Outro aspecto bastante interessante é como são representadas o poder da ordem e da moral: na versão de 1962 o primeiro hotel em que Humbert e Lolita ficam, está havendo uma grande convenção da polícia estadual. Na versão de 1997 Humbert está passando por uma ala de um hotel onde na parede um enorme quadro retrata a figura de lindas mulheres nuas como num paraíso e o som é de uma voz masculina (sugere a voz de um homem velho) dizendo: “O Senhor tudo
sabe, o Senhor tudo vê, o Senhor tudo perdoa”, ou seja, uma convenção de padres,
temos nas duas versões a representação da moralidade: a Igreja e a justiça.
Para justificar o mesmo quarto para Lolita e Humbert, ele argumenta na versão de 1962:
Lolita se debruça na cama e chega perto de Humbert, ela diz a ele:
Você é louco, quando minha mãe souber que ficamos sozinhos no mesmo quarto, ela vai se divorciar de você e me matar.
Ele responde: Nós não somos ricos e teremos que conviver de maneira muito próxima e eu sinto uma ternura por você...

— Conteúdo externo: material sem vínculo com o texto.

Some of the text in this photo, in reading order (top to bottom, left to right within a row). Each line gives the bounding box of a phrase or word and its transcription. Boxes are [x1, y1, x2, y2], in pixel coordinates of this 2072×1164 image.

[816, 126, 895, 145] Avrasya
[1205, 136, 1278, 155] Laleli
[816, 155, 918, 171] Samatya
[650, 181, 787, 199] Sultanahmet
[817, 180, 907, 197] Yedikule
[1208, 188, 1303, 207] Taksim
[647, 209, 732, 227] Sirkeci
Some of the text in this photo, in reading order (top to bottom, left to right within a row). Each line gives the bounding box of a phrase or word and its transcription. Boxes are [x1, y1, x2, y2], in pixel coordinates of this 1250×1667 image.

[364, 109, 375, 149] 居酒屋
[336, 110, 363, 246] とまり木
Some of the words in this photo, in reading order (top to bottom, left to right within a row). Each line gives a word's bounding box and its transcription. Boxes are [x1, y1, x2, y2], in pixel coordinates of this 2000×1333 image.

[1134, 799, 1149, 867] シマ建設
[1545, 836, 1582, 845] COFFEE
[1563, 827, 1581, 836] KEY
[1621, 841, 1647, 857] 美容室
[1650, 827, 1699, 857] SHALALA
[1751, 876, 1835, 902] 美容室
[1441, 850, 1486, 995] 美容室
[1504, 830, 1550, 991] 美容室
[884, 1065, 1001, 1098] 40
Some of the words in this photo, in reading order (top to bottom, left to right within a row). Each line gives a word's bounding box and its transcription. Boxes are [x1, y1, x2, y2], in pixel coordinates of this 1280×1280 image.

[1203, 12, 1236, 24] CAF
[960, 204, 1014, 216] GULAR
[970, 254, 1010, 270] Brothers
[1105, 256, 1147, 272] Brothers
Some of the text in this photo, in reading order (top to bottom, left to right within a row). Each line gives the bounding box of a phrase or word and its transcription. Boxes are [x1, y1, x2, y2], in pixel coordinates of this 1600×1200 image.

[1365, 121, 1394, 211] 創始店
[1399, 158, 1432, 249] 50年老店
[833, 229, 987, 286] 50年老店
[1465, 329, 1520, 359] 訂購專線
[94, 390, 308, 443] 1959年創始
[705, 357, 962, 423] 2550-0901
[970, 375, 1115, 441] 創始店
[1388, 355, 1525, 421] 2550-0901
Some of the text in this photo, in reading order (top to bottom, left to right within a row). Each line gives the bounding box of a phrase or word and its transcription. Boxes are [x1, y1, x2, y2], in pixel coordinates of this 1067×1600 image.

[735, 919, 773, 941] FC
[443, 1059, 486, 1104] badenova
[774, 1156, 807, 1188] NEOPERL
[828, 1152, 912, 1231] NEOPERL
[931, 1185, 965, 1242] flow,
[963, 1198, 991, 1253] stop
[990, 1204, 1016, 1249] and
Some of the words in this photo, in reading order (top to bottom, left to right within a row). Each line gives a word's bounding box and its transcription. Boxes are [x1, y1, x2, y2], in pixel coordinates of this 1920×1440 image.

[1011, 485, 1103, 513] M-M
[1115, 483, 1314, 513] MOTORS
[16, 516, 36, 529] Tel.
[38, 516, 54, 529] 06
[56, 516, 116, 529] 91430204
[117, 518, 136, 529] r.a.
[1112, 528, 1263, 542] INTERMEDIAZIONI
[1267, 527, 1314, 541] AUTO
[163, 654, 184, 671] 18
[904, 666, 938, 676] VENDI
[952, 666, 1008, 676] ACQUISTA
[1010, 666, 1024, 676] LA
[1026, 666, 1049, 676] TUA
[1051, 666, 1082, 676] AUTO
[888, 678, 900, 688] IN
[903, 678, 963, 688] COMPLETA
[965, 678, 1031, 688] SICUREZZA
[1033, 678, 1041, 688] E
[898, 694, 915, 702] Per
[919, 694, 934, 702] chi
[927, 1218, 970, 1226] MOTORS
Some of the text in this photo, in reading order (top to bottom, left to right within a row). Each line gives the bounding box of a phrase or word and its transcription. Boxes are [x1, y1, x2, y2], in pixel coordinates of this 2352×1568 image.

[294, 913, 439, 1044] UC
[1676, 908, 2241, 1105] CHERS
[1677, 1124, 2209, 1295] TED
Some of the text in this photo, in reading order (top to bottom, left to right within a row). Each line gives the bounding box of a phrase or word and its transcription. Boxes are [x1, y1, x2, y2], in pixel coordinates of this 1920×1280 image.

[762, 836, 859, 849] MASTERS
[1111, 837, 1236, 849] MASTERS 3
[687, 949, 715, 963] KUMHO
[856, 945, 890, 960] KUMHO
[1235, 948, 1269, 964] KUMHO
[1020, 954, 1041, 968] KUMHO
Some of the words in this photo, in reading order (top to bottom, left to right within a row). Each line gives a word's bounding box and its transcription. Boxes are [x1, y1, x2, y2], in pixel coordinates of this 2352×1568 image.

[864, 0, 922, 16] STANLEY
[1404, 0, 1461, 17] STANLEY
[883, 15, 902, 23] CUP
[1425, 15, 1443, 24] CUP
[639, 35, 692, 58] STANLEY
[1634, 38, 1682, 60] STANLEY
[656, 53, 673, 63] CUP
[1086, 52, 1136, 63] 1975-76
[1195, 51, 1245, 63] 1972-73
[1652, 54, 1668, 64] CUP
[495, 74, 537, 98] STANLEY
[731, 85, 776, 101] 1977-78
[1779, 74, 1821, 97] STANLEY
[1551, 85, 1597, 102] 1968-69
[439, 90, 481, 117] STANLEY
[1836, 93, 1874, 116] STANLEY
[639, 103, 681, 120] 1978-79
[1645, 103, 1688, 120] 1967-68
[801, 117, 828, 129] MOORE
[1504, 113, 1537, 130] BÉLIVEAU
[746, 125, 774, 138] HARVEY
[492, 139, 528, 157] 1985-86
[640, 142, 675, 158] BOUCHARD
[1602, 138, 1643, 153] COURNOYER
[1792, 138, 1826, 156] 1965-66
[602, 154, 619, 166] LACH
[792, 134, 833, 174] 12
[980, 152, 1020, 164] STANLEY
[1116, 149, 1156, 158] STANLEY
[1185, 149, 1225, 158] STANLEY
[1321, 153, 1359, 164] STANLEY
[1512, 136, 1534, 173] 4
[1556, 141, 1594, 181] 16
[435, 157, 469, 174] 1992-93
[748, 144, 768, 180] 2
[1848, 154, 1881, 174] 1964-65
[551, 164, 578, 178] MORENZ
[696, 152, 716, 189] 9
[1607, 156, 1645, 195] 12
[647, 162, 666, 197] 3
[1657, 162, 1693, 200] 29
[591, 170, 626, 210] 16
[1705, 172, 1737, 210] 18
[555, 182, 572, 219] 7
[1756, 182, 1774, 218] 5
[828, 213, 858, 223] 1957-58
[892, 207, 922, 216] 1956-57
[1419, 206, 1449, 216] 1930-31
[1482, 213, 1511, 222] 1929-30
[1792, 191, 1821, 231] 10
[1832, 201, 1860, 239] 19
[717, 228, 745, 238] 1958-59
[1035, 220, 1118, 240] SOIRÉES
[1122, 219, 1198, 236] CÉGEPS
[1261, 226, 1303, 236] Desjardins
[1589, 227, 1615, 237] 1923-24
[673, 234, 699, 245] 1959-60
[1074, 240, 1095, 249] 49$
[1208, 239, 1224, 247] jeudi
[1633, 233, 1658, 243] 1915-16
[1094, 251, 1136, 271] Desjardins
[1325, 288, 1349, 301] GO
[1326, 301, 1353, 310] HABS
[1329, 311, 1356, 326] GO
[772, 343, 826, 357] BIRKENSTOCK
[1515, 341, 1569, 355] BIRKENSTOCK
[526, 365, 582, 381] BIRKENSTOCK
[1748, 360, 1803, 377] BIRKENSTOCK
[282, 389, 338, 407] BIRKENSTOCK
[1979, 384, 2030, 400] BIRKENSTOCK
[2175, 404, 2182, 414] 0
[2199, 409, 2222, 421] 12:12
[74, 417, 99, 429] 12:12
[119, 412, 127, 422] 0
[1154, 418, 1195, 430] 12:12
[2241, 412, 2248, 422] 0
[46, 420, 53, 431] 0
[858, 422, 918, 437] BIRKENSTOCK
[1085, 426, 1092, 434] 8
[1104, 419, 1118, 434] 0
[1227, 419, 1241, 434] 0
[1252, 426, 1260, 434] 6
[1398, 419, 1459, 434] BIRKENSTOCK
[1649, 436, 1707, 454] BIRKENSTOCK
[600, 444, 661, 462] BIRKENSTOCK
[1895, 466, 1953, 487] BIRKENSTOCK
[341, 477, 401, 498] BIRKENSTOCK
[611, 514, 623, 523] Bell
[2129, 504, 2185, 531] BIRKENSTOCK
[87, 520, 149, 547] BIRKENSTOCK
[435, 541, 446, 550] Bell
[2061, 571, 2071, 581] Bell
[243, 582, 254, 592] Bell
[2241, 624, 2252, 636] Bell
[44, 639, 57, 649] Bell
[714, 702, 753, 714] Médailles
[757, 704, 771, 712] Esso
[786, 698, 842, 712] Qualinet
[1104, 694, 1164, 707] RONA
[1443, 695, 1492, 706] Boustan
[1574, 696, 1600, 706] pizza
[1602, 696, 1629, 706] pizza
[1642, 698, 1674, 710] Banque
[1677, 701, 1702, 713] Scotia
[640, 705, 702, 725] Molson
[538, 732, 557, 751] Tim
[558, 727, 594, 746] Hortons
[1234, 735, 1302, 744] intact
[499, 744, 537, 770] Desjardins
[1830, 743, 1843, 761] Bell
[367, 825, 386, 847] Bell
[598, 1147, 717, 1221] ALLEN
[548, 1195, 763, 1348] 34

Ela pede para que ele vá buscar outra cama e fica com a cama de casal. Na versão de 1997, essa justificativa passa a ser:
Lo querida... para os propósitos práticos, eu sou seu pai e sou responsável pelo seu bem estar. Mesmo porque não somos ricos, então, quando viajamos nos certificamos... Quero dizer, estaremos juntos, às vezes, quando duas pessoas compartilham o mesmo quarto de hotel, chegam a ... entram no... Como eu posso dizer?